I have just listened to the podcast of an interview with Rick Morton on the subject of Bruce Pascoe’s Dark Emu, in which The Saturday Paper scribe criticises Andrew Bolt for his expose of Pascoe’s slipshod, slapdash scholarship in support of his claim that Aborigines were not nomadic hunter-gatherers but sedentary agriculturalists with “skills superior to the colonists who stole and despoiled their land”. Morton’s podcast dishes out what can only be described as a stream of nauseating piffle, not least in his dismissal of Quadrant and its readers as nutcase “conspiracy theorists”.

As he is his publication’s “senior reporter” it makes me shudder to think of the howlers his Saturday Paper junior colleagues must be producing.

Order your copy of Bitter Harvest here

Andrew Bolt, who has long suspected Pascoe’s bona fides, has used information he has gleaned himself, over time, from Pascoe’s writings and lectures, bolstering his own efforts with independent information from the Dark Emu Exposed website, another target of Morton’s contemptuous derision. At the same time this story broke, information came to hand that Pascoe’s own genealogy, meticulously researched and comprehensively documented, contained, on the face of it, no trace whatsoever of Aboriginality.  Bolt conceded that there may be some factor, such as an illegitimate birth, that would substantiate Pascoe’s claim and invited him to submit evidence of such.  This Pascoe has refused to do.  Representatives of the three tribal groups to which Pascoe claims membership, Tasmanian, Boonwurrong and Yuin, have all stated publicly that he is not a member of their clans.

Morton, in his podcast, glosses over this inconvenient set of facts and claims that Pascoe said in 2012 that the grandmother they thought was Aboriginal was, in fact born in England, and ‘so the search continues’. Pascoe not qualified his claim to Aboriginality in any way, stating quite categorically on the cover page of Dark Emu‘s 2018 edition that he is “of Bunurong, Tasmanian and Yuin heritage”.  That is a quite specific claim to make in the context of the “search continuing”. 

He further claims Bolt is merely quibbling over little details and that he hasn’t looked at Dark Emu closely.  One point he raises is that Bolt “keeps having issues with Aboriginals having animal yards”, noting that explorer David Lindsay, in 1883, saw what appeared to be animal pens. 

Lindsay’s words, correctly quoted by Morton, are “small enclosures as if some small game had been yarded and kept alive”.  So Lindsay did not actually see animals penned up. This was just speculation on Lindsay’s part and the critical point here is that this typifies most of Pascoe’s evidence for Aboriginal agricultural activity.  In fact, this one reference comprises almost the whole of Pascoe’s evidence regarding what I would consider to be a critical element of the sedentary agriculturalist lifestyle – domestication of animals.
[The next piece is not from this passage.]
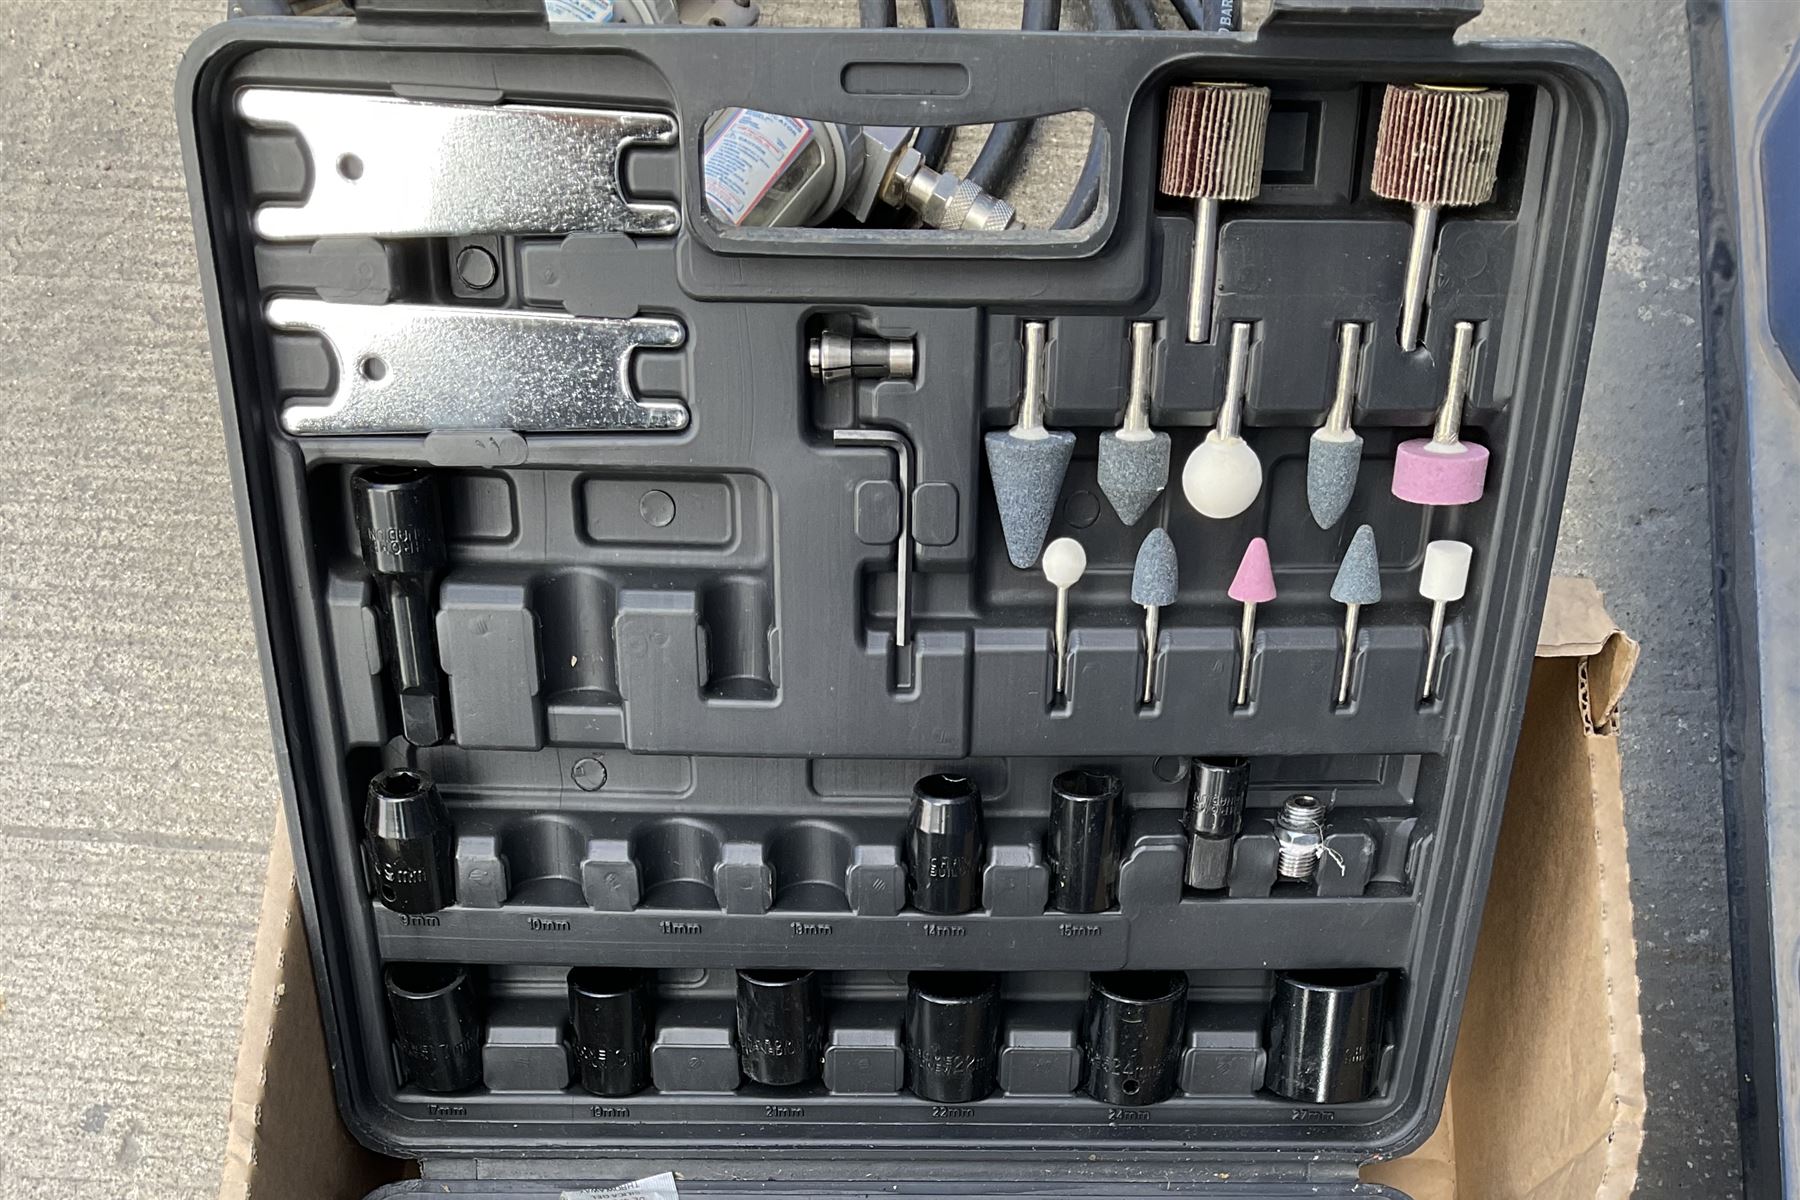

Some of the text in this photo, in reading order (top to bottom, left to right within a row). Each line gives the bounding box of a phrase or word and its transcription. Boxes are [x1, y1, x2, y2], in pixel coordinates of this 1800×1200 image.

From my readings I recall one reference (not in Dark Emu) to Aborigines penning birds but they were  wild, not domesticated, and it was carried out on a seasonal basis, when the birds were breeding.  More importantly, there are no such references in the journals of Sturt, Mitchell or Giles, whom Pascoe cites as the most compelling sources for his theory.  The same applies to his evidence for Aborigines sowing seed, an essential element of agriculture.  He provides only three examples of explorers or settlers observing sowing and these are all small-scale broadcast by hand and all occurred in the twentieth century.

Morton claims the inconsistencies and misquotations that Andrew Bolt has ascribed to Dark Emu are due to the Herald Sun conflating things Pascoe has said in hundreds of lectures with what he has said in Dark Emu.  Setting aside that we might expect a supposed historian to be consistent in word and print, there is another source that I invite Morton to read and refute. That is my book Bitter Harvest, which looks long and hard at Dark Emu‘s claims in their entirety, plus a number of claims Pascoe made in an interview with Richard Guilliatt of The Australian.  I don’t believe Bolt conflated anything, but the necessarily piecemeal nature of his criticism has allowed Morton to feel safe in making this claim.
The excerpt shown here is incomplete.